From The Popular Science Monthly, April 1878

  ON EDISON’S TALKING-MACHINE, BY ALFRED M. MAYER

  Mr. Thomas A. Edison has recently invented an instrument which is undoubtedly the acoustic marvel of the century. It is called the “Speaking Phonograph,” or, adopting the Indian idiom, one may call it “The Sound-Writer who talks.”

  [ SIXTEEN ]

  The Curtain Falls, Between Acts

  AT FIRST, I DID NOT KNOW HOW I COULD GO ON WITHOUT her.

  When Minnie died, part of me died with her. For I had lost not only the sister whom I loved more than anyone else in the world; I also lost the one person in my life who had ever looked up to me. She and I had shared things that no one else could imagine; for so much of our lives, we had shared a chair at table, shared a bed, shared a train seat, shared clothing, even. How often had Mama cut up one of her old dresses and made it over into two smaller ones, just for Minnie and me? There was so much in this world that was too big for one of us alone, but that, together, we could just about fill. Except for hearts, that is; Minnie, alone, was big enough to fill up the hearts of everyone she met. And now my own heart was so empty I decided to put it away for good. There was only one other person who might have had some use for it, but I was no longer speaking to him.

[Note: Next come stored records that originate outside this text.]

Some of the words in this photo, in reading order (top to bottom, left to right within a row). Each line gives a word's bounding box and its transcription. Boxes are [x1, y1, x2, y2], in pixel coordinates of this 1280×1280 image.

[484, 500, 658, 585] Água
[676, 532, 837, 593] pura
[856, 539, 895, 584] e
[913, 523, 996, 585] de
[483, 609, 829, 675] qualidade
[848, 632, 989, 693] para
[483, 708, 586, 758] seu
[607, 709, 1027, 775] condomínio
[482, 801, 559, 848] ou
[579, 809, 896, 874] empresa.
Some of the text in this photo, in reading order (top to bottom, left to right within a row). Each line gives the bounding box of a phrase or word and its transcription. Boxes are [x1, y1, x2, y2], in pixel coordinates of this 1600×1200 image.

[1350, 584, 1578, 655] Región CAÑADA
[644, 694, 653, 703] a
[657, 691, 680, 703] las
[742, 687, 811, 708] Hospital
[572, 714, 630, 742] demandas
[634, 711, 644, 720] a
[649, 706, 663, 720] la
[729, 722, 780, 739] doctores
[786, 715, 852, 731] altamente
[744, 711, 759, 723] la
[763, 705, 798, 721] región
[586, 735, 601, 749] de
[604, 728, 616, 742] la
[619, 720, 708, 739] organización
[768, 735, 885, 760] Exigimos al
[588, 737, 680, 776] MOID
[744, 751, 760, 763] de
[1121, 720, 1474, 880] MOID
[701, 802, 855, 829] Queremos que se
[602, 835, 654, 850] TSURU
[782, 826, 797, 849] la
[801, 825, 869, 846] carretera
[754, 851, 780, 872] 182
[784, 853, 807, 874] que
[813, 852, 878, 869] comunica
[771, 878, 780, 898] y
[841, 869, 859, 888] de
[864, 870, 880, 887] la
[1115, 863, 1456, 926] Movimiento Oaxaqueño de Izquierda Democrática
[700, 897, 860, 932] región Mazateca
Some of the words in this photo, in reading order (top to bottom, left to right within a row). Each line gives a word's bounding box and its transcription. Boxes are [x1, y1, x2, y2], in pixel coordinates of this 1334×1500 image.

  Eventually, however, I did go on, in a fashion, without my sister. For the alternative was to stay home, alone, with my husband.

  Edward moved away to New York, although I did not urge him to. Witnessing his grief upon seeing his wife and child lying together in their tiny coffin thoroughly changed my attitude toward him. Perhaps I could not have taken care of Minnie’s child, but I found myself softening toward her husband, allowing that he had truly loved her in a way no sister ever could. I was as in awe of his love as I had been of Minnie’s.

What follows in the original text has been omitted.